После прогулки был обед, во время которого уже можно было почти все, ну а потом утомившиеся Гарри и Гермиона отправились в кровать. Рива пришла к ним, чтобы посидеть с детьми, у которых не было никого, кроме народа. Маму девочки, как оказалось убили, отец неожиданно сошел с ума, в буйстве своем устроив стрельбу у дворца, насилу скрутили. У мальчика родителей тоже не было. Но девочке тепло нужно было сильнее, это Рива видела очень хорошо. Гермиона вся тянулась к теплу, а мальчик привычно жил для нее. Если подумать — это очень страшно… Но ничего с этим сделать было нельзя.
***
С того дня, когда не стало мамы, Луна Лавгуд будто погрузилась в себя. Папа сначала горевал, потом начал пить виски. Когда он был пьяным, то обвинял девочку в смерти мамы, отчего становилось все тяжелее на душе. Соседские Уизли оскорбляли ее, а в школе… В школе Луну почему-то невзлюбили. У нее воровали вещи, заставляли ходить почти голой и очень больно били. Правда, за что, девочка не понимала.
Жаловаться было бесполезно. Первая же попытка пожаловаться декану привела Луну в Больничное крыло. Профессор Флитвик покивал и сказал, что все образуется, а вот вечером в спальню ворвалась староста. Она сорвала с Луны всю одежду, а потом… Потом было Больничное крыло, а вот Луна ничего не помнила, кроме очень сильной, всепоглощающей боли.
Эта боль стала ее постоянной спутницей в Хогвартсе, а дома был пьяный папа. Слава Мерлину, Ксено дочь не бил, но каждое его слово ранило больнее, чем боль в Хогвартсе. Луна чувствовала, что потихоньку сходит с ума, но тут возрождение Волдеморта заставило старосту почему-то притихнуть. Хотя почему, мисс Лавгуд поняла — староста была полукровкой, а Луна считалась чистокровной.
Но теперь папа решил бороться с силами зла посредством журнала, что создало проблемы девушке — та боль, что была раньше, оказалась не такой сильной по сравнению с Круциатусом, которым ее награждали подкарауливавшие Луну слизеринцы. И у девушки возникло ощущение, что все происходит не с ней.
Видимо папа наступил кому-то на больную мозоль, потому что, когда луна ехала на свой шестой курс, вдруг стало темно, а когда девушка снова открыла глаза, она оказалась в какой-то клетке, привязанной и без одежды. Казалось, хуже быть не может.
— Ты здесь для того, чтобы твой отец перестал печатать свою ересь, — объяснил Луне какой-то мужчина.
Ее начали пугать, вызывая ужас, чтобы послать воспоминания папочке, которому, как думала девушка, было все равно.
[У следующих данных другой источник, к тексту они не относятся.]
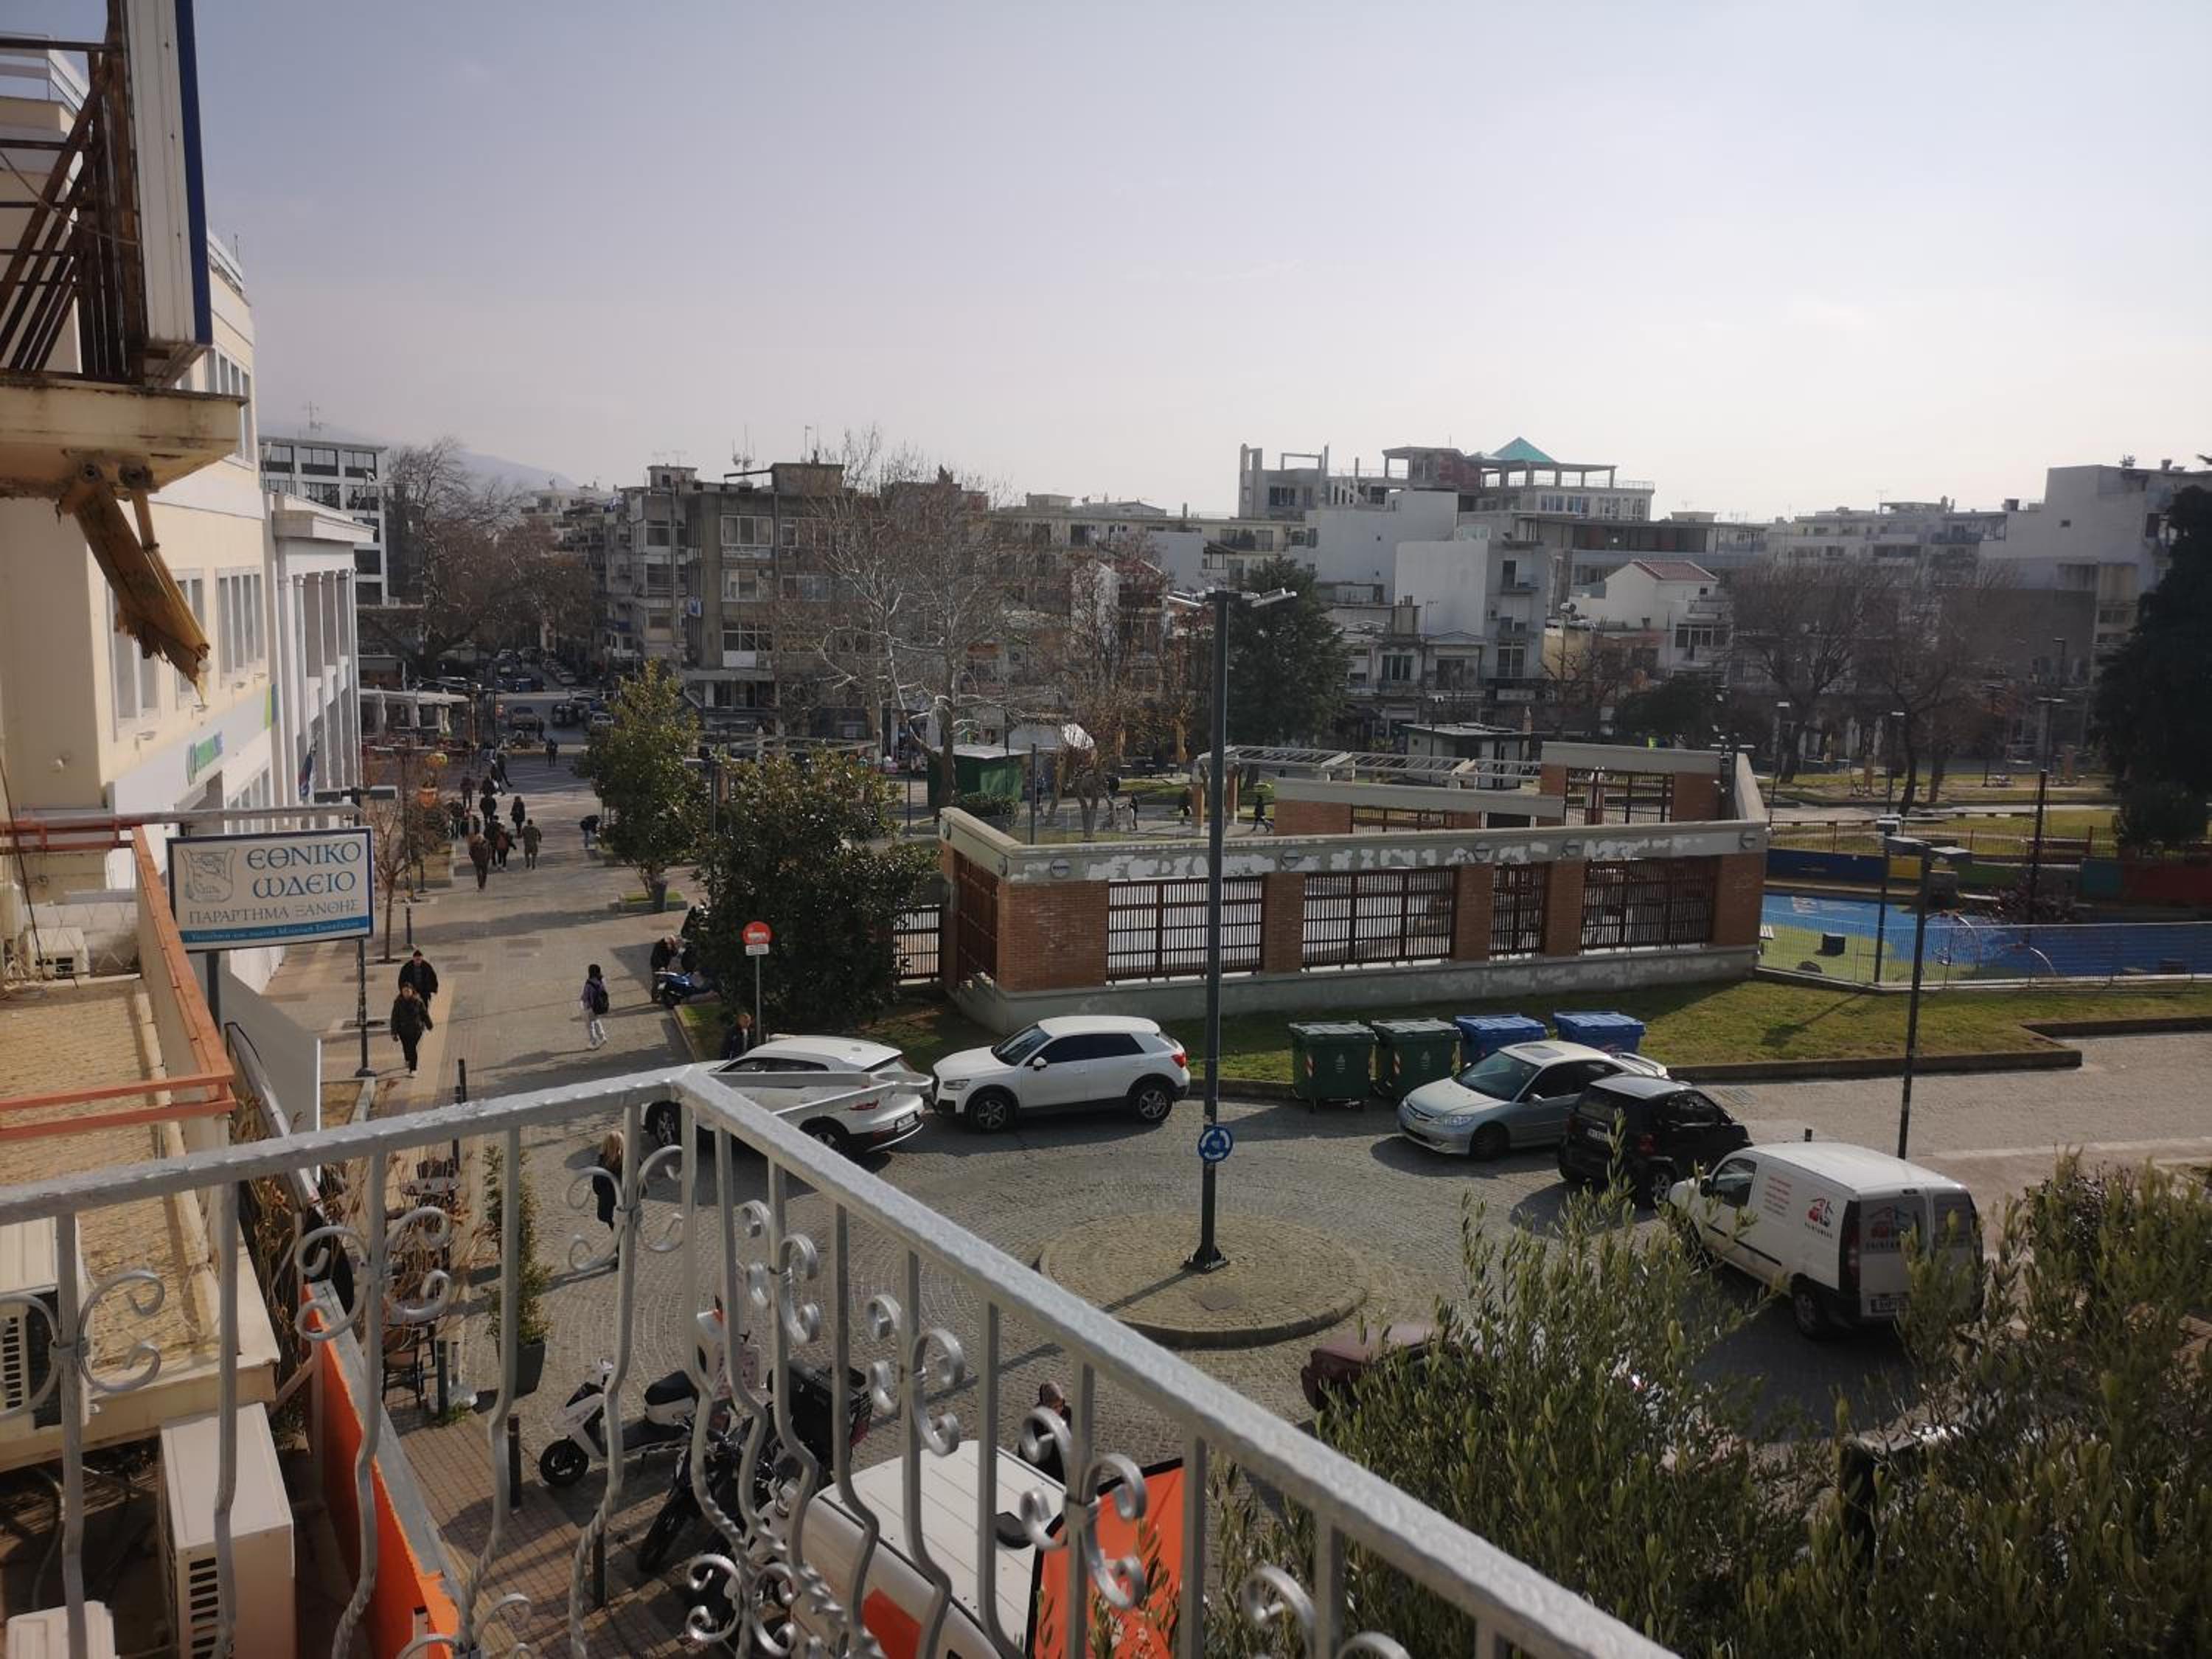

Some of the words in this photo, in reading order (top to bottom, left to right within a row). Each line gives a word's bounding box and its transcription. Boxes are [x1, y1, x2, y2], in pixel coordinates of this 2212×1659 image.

[247, 841, 361, 870] ΕΘΝΙΚΟ
[189, 906, 290, 924] ΠΑΡΑΡΤΗΜΑ
[294, 899, 359, 917] ΞΑΝΘΗΣ
Ей угрожали насилием, потом, когда она уже просто закрывала глаза, чтобы это не видеть, принялись колоть ножами, заливая потом глубокие порезы бадьяном. Это было очень страшно, особенно на лице, на груди и… Луна кричала от боли, но мучители только улыбались, продолжая ее мучить, чтобы отослать воспоминания.
Затем что-то случилось и ее перестали кормить почти совсем, только вода появлялась в миске, и Луна поняла, что обречена. По какой-то причине ее захотели убить именно так. Медленно, очень медленно… Она потеряла счет времени и только грызущий изнутри голод показывал, что девушка еще жива, хотя ее и избивали, но как-то не так сильно, без ярости, как будто по необходимости. То, что это делают домовики, Луна не поняла.